He was awarded honorary degrees from Queen's University at Kingston in 1979, University of Rome Tor Vergata in 1997, University of Oslo in 1999, University of Southern Denmark in 2009, Université libre de Bruxelles in 2010 and Shanghai Fudan University in 2017.

Since 1982 he has been a member of the French Academy of Sciences.
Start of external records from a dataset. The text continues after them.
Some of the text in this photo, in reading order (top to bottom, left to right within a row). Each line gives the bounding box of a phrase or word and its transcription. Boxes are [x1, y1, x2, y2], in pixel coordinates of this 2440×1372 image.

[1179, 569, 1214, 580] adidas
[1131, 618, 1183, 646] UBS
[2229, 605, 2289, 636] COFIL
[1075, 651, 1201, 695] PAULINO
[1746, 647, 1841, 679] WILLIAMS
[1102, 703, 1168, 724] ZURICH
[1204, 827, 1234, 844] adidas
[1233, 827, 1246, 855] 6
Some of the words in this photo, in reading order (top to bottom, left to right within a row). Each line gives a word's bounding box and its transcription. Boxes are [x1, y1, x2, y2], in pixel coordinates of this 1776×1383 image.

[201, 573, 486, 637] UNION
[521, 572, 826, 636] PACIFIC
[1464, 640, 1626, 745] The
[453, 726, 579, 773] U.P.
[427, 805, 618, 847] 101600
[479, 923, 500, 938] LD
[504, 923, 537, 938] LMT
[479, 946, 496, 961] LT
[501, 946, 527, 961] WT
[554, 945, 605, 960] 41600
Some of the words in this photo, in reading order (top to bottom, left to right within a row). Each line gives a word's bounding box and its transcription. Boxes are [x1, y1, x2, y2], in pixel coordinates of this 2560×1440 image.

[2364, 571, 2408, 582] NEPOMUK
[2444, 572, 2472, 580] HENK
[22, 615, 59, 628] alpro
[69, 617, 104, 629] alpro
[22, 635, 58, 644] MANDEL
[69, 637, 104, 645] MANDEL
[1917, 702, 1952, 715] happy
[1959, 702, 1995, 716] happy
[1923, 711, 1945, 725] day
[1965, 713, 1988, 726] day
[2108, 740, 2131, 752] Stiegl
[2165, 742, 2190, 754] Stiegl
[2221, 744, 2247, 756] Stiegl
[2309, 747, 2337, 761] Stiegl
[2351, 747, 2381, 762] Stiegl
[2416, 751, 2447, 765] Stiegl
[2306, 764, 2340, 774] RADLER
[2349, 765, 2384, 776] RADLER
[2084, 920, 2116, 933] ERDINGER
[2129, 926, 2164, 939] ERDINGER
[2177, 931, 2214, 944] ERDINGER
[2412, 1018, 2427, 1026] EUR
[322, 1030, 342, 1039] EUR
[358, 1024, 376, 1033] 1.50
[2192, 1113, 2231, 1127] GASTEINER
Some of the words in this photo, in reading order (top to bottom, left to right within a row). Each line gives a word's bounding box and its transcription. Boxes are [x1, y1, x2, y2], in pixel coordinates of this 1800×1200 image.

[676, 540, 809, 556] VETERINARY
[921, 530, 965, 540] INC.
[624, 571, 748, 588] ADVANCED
He was elected member of several foreign academies and societies, including the Royal Danish Academy of Sciences and Letters in 1980, the Norwegian Academy of Science and Letters in 1983, the American Academy of Arts and Sciences in 1989, the London Mathematical Society in 1994, the Canadian Academy of Sciences in 1995 (incorporated since 2002 in the Royal Society of Canada), the US National Academy of Sciences in 1997, the Russian Academy of Science in 2003 and the Royal Academy of Science, Letters and Fine Arts of Belgium in 2016.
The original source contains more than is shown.